If you wanna go deeper, read "What Every Computer Scientist Should Know About Floating-Point Arithmetic": https://docs.oracle.com/cd/E19957-01/806-3568/ncg_goldberg.html
Try this javascript out:
alert(parseFloat("2.9999999999999997779553950749686919152736663818359374999999"));
Then try this:
alert(parseFloat("2.9999999999999997779553950749686919152736663818359375"));
What you are seeing is simple floating point inaccuracy. For more information about that, see this for example: http://en.wikipedia.org/wiki/Floating_point#Accuracy_problems.
The basic issue is that the closest that a floating point value can get to representing the second number is greater than or equal to 3, whereas the closes that the a float can get to the first number is strictly less than three.
As for why right shifting by 0.5 does anything sane at all, it seems that 0.5 is just itself getting converted to an int (0) beforehand. Then the original float (2.999...) is getting converted to an int by truncation, as usual.
I don't think your right shift is relevant. You are simply beyond the resolution of a double precision floating point constant.
In Chrome:
var x = 2.999999999999999777955395074968691915273666381835937499999;
var y = 2.9999999999999997779553950749686919152736663818359375;
document.write("x=" + x);
document.write(" y=" + y);
Prints out: x = 2.9999999999999996 y=3
The shift right operator only operates on integers (both sides). So, shifting right by .5 bits should be exactly equivalent to shifting right by 0 bits. And, the left hand side is converted to an integer before the shift operation, which does the same thing as Math.floor().
I suspect that converting 2.9999999999999997779553950749686919152736663818359374999999
to it's binary representation would be enlightening. It's probably only 1 bit different
from true 3.
Good guess, but no cigar.
As the double precision FP number has 53 bits, the last FP number before 3 is actually
(exact): 2.999999999999999555910790149937383830547332763671875
But why it is
2.9999999999999997779553950749686919152736663818359375
(and this is exact, not 49999... !)
which is higher than the last displayable unit ? Rounding. The conversion routine (String to number) simply is correctly programmed to round the input the the next floating point number.
2.999999999999999555910790149937383830547332763671875
.......(values between, increasing) -> round down
2.9999999999999997779553950749686919152736663818359375
....... (values between, increasing) -> round up to 3
3
The conversion input must use full precision. If the number is exactly the half between
those two fp numbers (which is 2.9999999999999997779553950749686919152736663818359375)

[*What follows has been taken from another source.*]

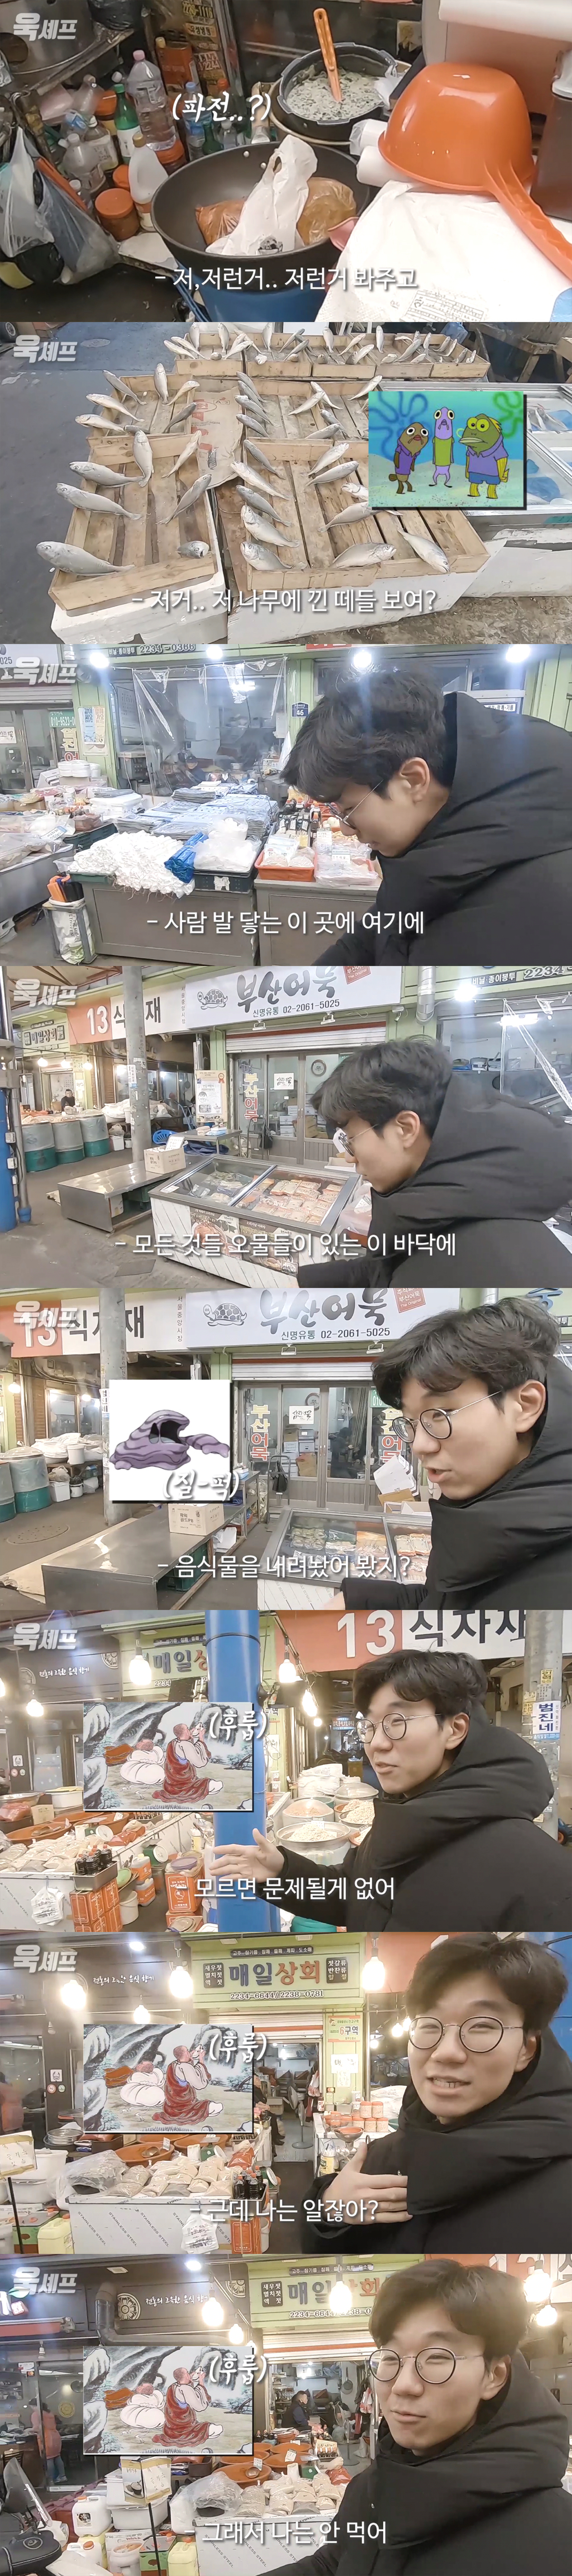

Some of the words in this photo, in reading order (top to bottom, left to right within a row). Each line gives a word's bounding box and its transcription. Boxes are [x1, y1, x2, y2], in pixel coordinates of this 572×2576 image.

the rounding depends on the setted flags. The default rounding is round to even, meaning that the number will be rounded to the next even number.
Now
3 = 11. (binary)
2.999... = 10.11111111111...... (binary)
All bits are set, the number is always odd. That means that the exact half number will be rounded up, so you are getting the strange .....49999 period because it must be smaller than the exact half to be distinguishable from 3.
I suspect that converting 2.9999999999999997779553950749686919152736663818359374999999 to its binary representation would be enlightening. It's probably only 1 bit different from true 3.
And to add to John's answer, the odds of this being more performant than Math.floor are vanishingly small.
I don't know if JavaScript uses floating-point numbers or some kind of infinite-precision library, but either way, you're going to get rounding errors on an operation like this -- even if it's pretty well defined.
It should be noted that the number ".0000000000000007779553950749686919152736663818359374" is quite possibly the Epsilon, defined as "the smallest number E such that (1+E) > 1."